Prompt: The records that follow are to be given again exactly, with their pictures omitted.

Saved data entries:
* * * * * * *

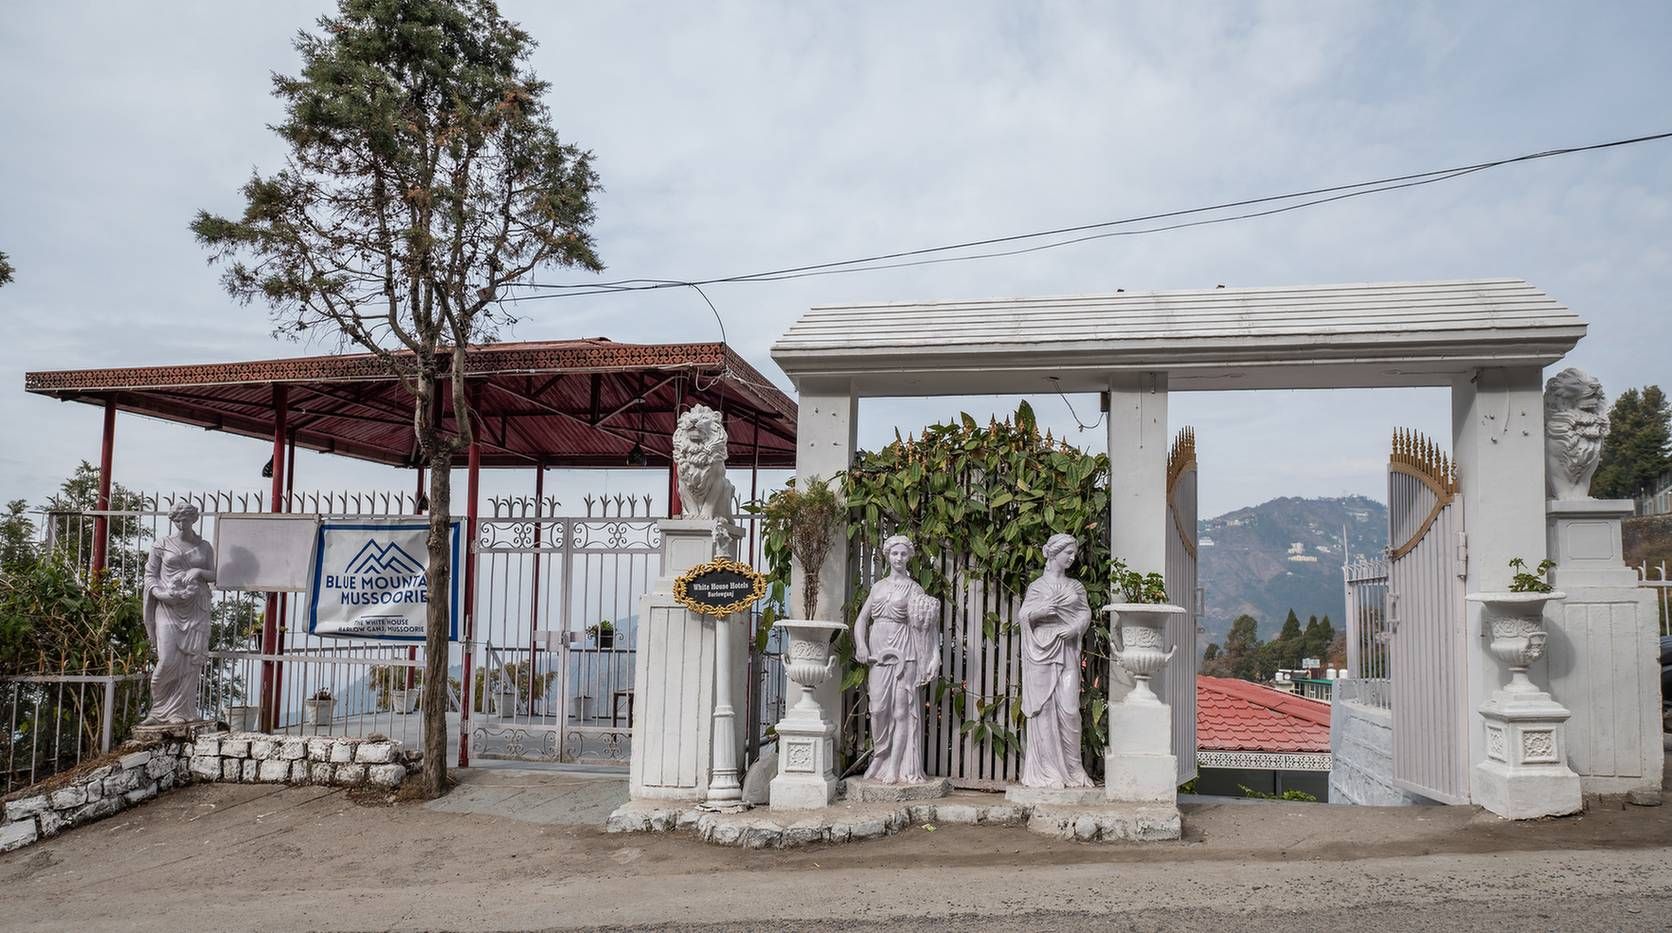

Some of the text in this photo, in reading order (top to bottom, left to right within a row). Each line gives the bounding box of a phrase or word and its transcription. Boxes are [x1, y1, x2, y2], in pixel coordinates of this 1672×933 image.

[326, 575, 429, 589] BLUE MOUNTA
[341, 590, 429, 604] MUSSOORIE
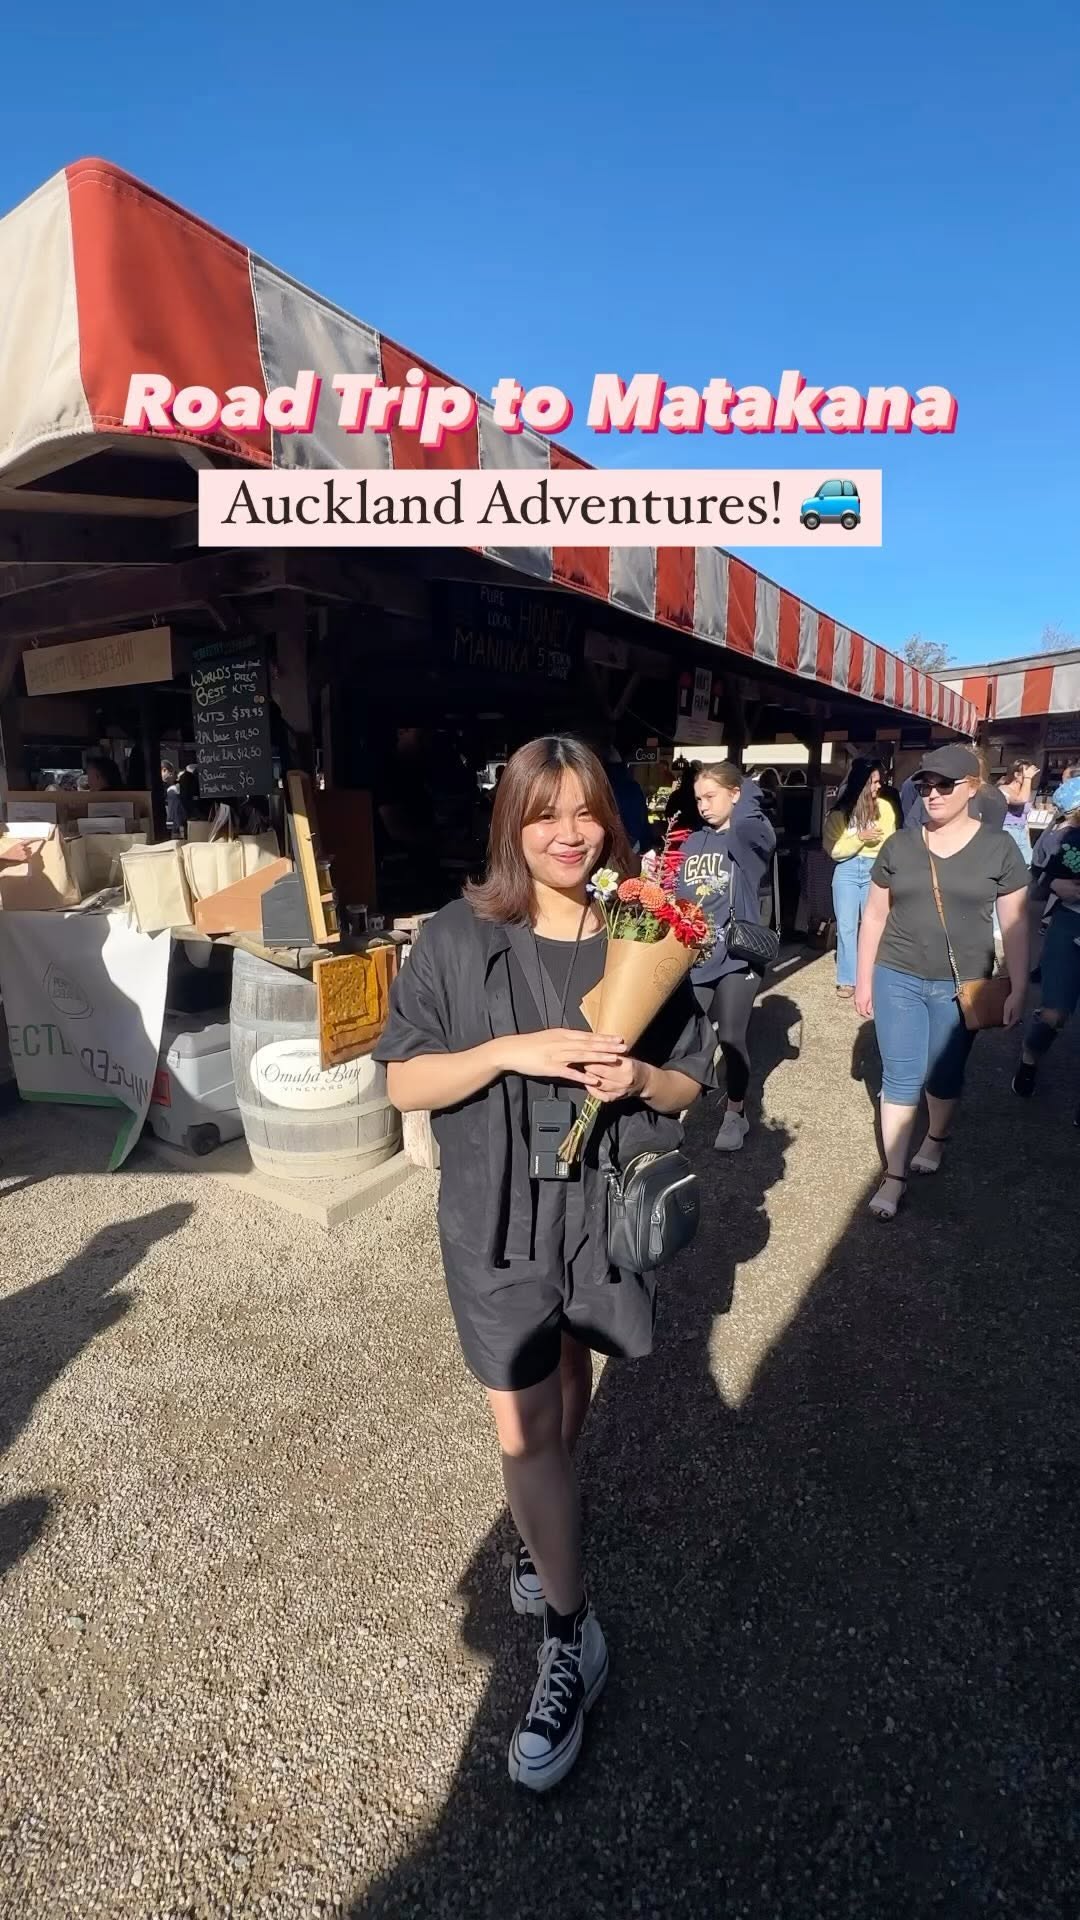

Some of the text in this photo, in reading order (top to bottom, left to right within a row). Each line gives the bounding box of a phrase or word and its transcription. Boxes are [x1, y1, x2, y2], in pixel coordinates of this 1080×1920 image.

[232, 683, 256, 694] KITS
[260, 1063, 362, 1085] Omaha Bay
[283, 1084, 343, 1093] VINEYARD
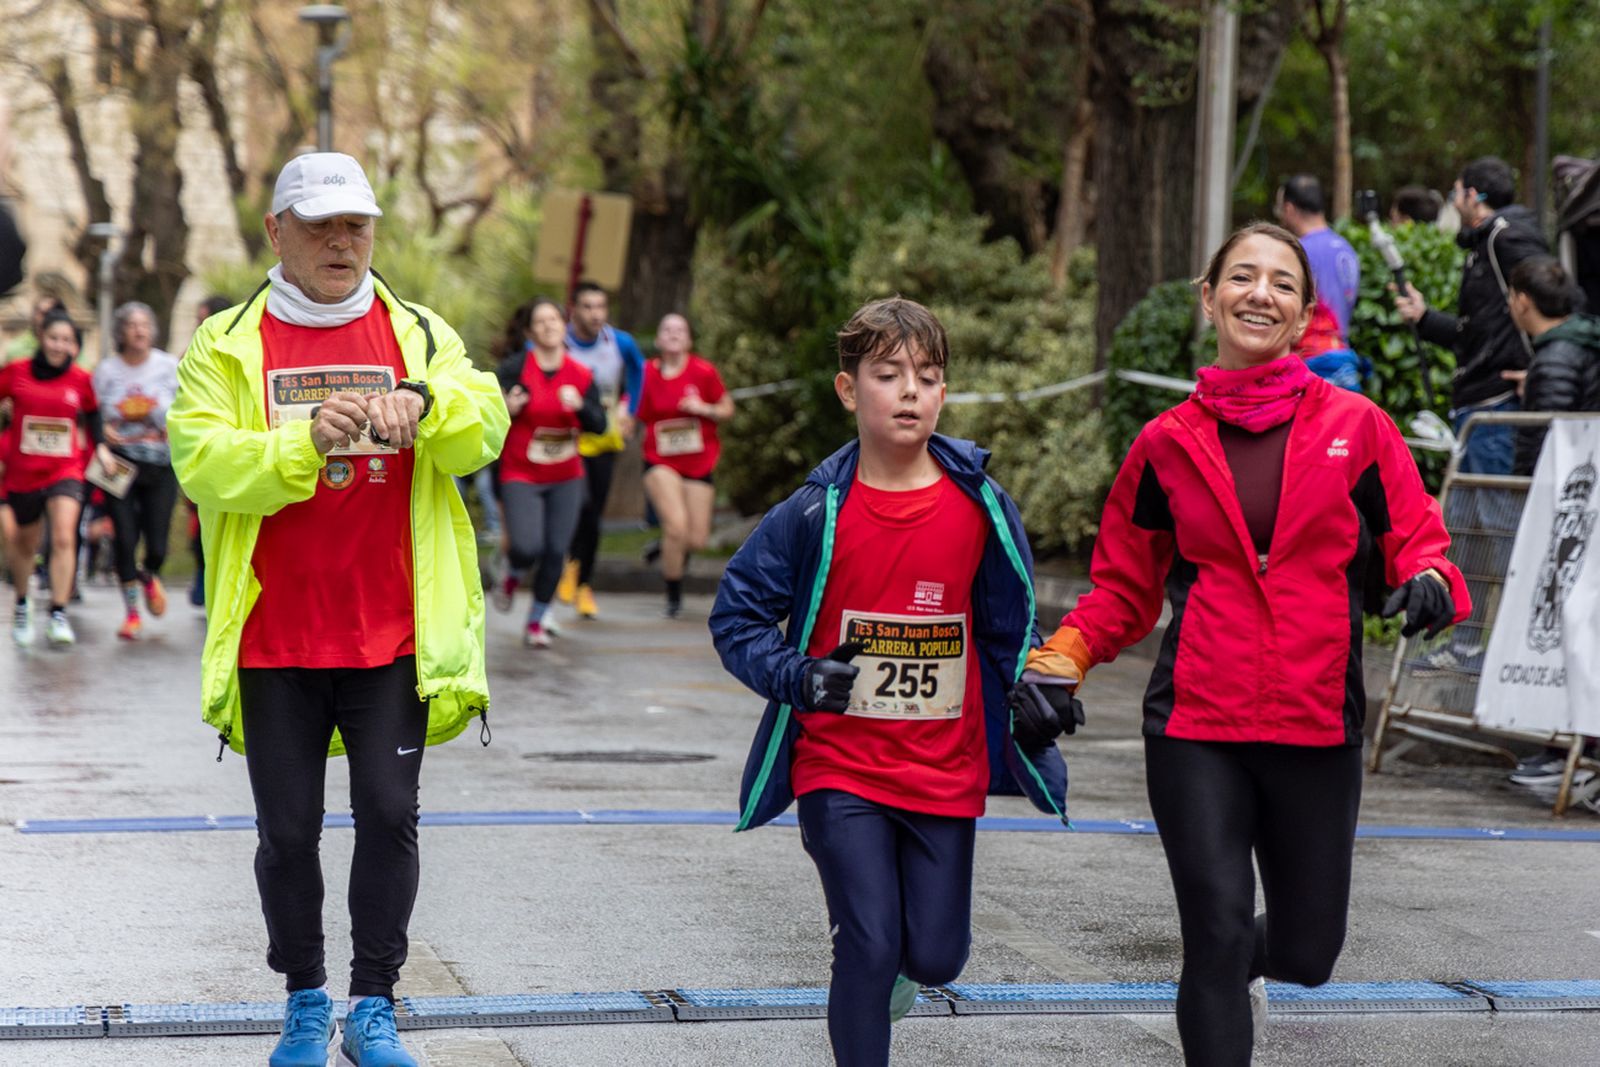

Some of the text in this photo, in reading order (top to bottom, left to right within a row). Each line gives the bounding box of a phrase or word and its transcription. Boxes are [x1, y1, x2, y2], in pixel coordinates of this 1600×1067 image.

[323, 173, 346, 187] edp
[280, 372, 384, 388] IES San Juan Bosco
[279, 389, 287, 402] V
[855, 622, 960, 639] IES San Juan Bosco
[862, 637, 961, 657] CARRERA POPULAR
[875, 661, 939, 699] 255
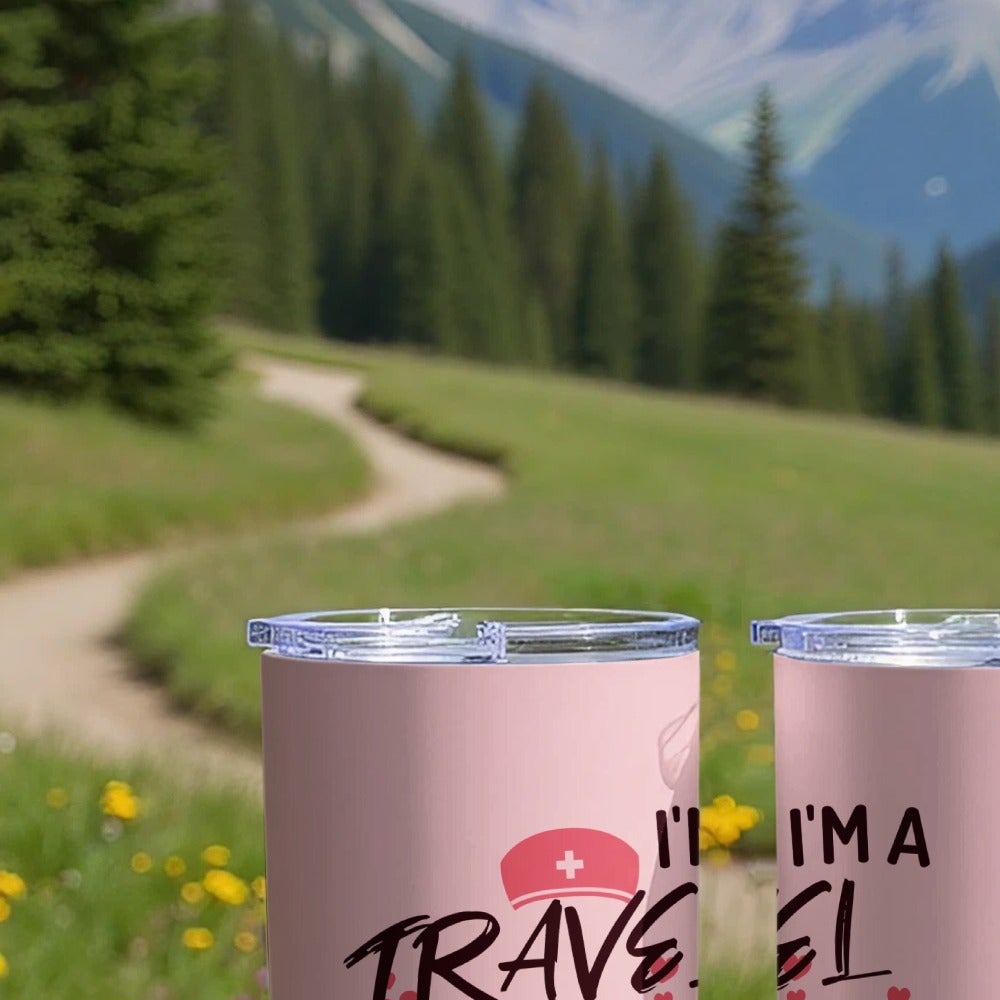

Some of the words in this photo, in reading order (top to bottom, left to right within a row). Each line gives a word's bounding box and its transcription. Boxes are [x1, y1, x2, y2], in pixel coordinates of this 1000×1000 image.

[655, 805, 699, 869] I'
[789, 804, 869, 867] I'M
[886, 806, 931, 868] A
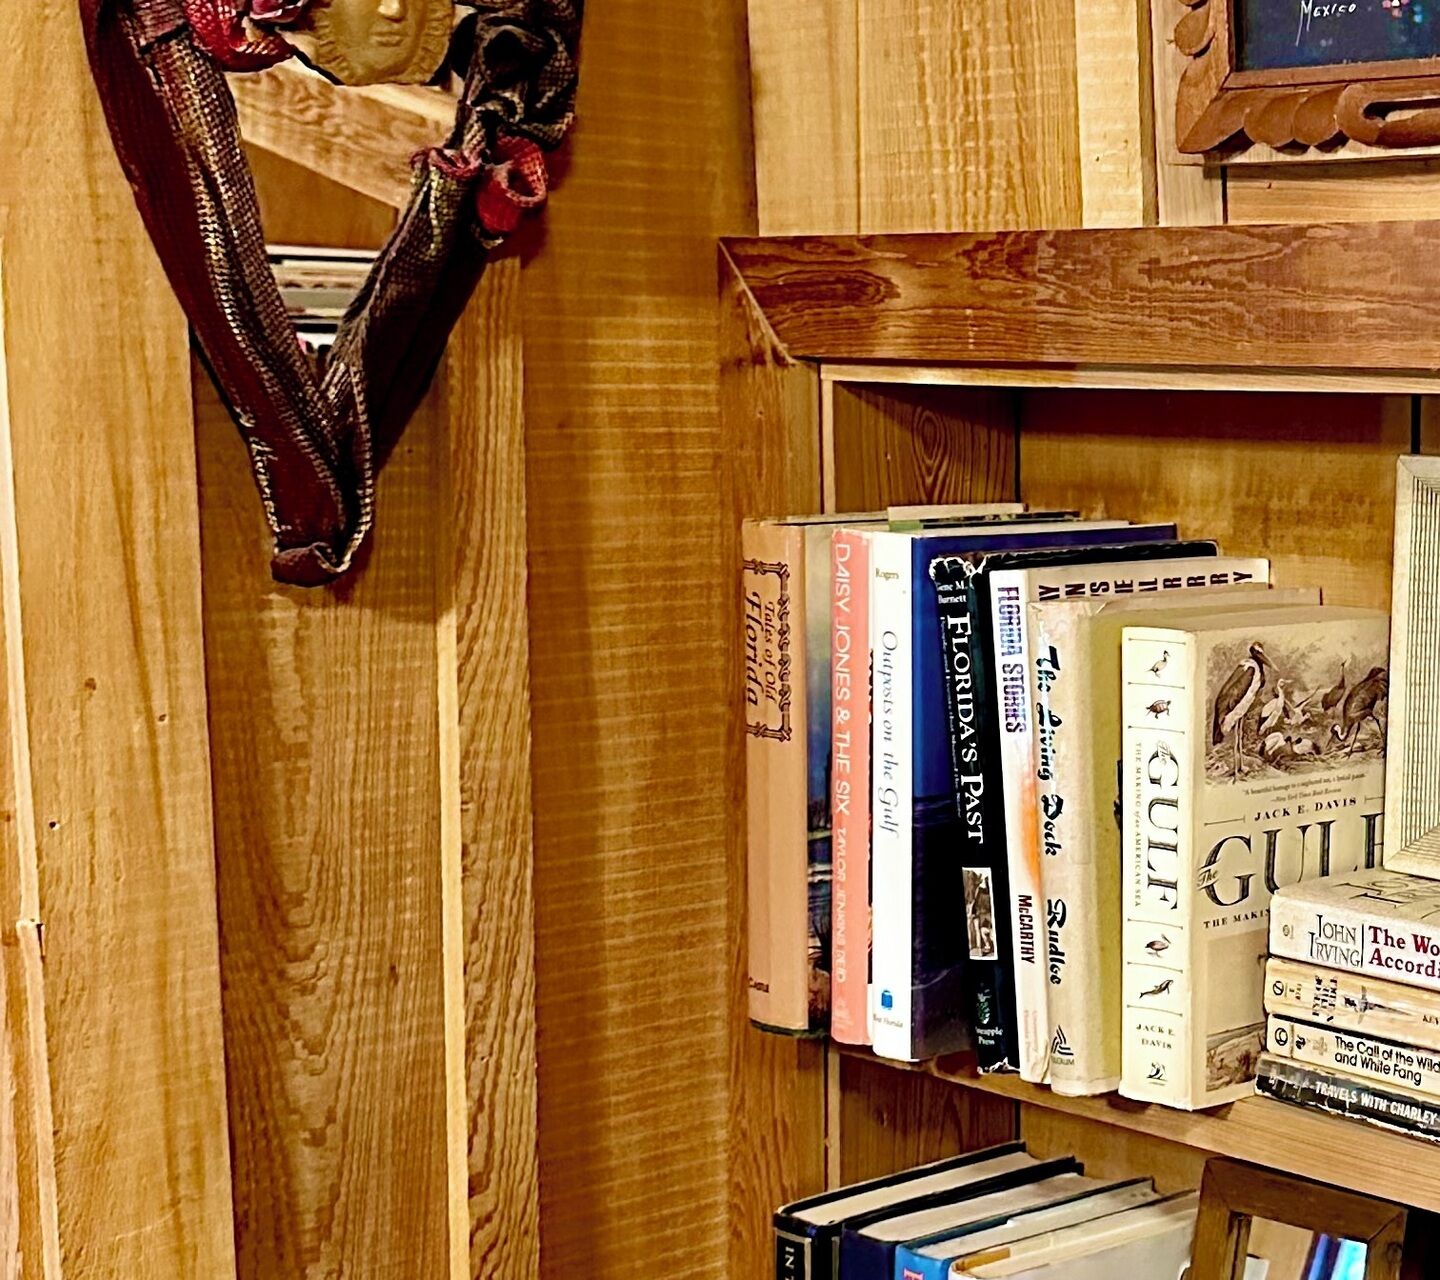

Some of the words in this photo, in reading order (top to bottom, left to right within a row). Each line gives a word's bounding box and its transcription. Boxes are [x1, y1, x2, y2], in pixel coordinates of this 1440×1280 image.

[834, 543, 851, 613] DAISY
[834, 625, 851, 701] JONES
[881, 630, 899, 716] Outposts
[947, 613, 979, 763] FLORIDA'S
[835, 708, 850, 721] &
[883, 719, 893, 743] on
[835, 729, 851, 770] THE
[883, 751, 899, 780] the
[835, 782, 850, 816] SIX
[879, 786, 900, 836] Gulf
[960, 773, 985, 844] PAST
[1254, 808, 1291, 822] JACK
[1297, 805, 1309, 815] E.
[1314, 796, 1358, 812] DAVIS
[1018, 894, 1036, 964] McCARTHY
[1315, 913, 1357, 943] JOHN
[1368, 925, 1407, 950] The
[1307, 931, 1361, 968] IRVING
[1334, 1051, 1358, 1067] and
[1360, 1055, 1392, 1076] White
[1392, 1064, 1423, 1087] Fang
[784, 1245, 795, 1269] IN

* * * * * * *

Task answer:
Some of the text in this photo, in reading order (top to bottom, left to right within a row). Each line gives the bounding box of a phrase or word and its transcription. Boxes are [x1, y1, x2, y2], in pixel coordinates of this 1672×933 image.

[326, 575, 429, 589] BLUE MOUNTA
[341, 590, 429, 604] MUSSOORIE

Some of the text in this photo, in reading order (top to bottom, left to right within a row). Each line gives the bounding box of a phrase or word and its transcription. Boxes are [x1, y1, x2, y2], in pixel coordinates of this 1080×1920 image.

[232, 683, 256, 694] KITS
[260, 1063, 362, 1085] Omaha Bay
[283, 1084, 343, 1093] VINEYARD

Some of the text in this photo, in reading order (top to bottom, left to right within a row). Each line gives the bounding box of a phrase or word and its transcription. Boxes are [x1, y1, x2, y2], in pixel coordinates of this 1600×1067 image.

[323, 173, 346, 187] edp
[280, 372, 384, 388] IES San Juan Bosco
[279, 389, 287, 402] V
[855, 622, 960, 639] IES San Juan Bosco
[862, 637, 961, 657] CARRERA POPULAR
[875, 661, 939, 699] 255

Some of the words in this photo, in reading order (top to bottom, left to right within a row). Each line gives a word's bounding box and its transcription. Boxes are [x1, y1, x2, y2], in pixel coordinates of this 1000×1000 image.

[655, 805, 699, 869] I'
[789, 804, 869, 867] I'M
[886, 806, 931, 868] A

Some of the words in this photo, in reading order (top to bottom, left to right within a row). Each line gives a word's bounding box and its transcription. Boxes are [x1, y1, x2, y2], in pixel coordinates of this 1440×1280 image.

[834, 543, 851, 613] DAISY
[834, 625, 851, 701] JONES
[881, 630, 899, 716] Outposts
[947, 613, 979, 763] FLORIDA'S
[835, 708, 850, 721] &
[883, 719, 893, 743] on
[835, 729, 851, 770] THE
[883, 751, 899, 780] the
[835, 782, 850, 816] SIX
[879, 786, 900, 836] Gulf
[960, 773, 985, 844] PAST
[1254, 808, 1291, 822] JACK
[1297, 805, 1309, 815] E.
[1314, 796, 1358, 812] DAVIS
[1018, 894, 1036, 964] McCARTHY
[1315, 913, 1357, 943] JOHN
[1368, 925, 1407, 950] The
[1307, 931, 1361, 968] IRVING
[1334, 1051, 1358, 1067] and
[1360, 1055, 1392, 1076] White
[1392, 1064, 1423, 1087] Fang
[784, 1245, 795, 1269] IN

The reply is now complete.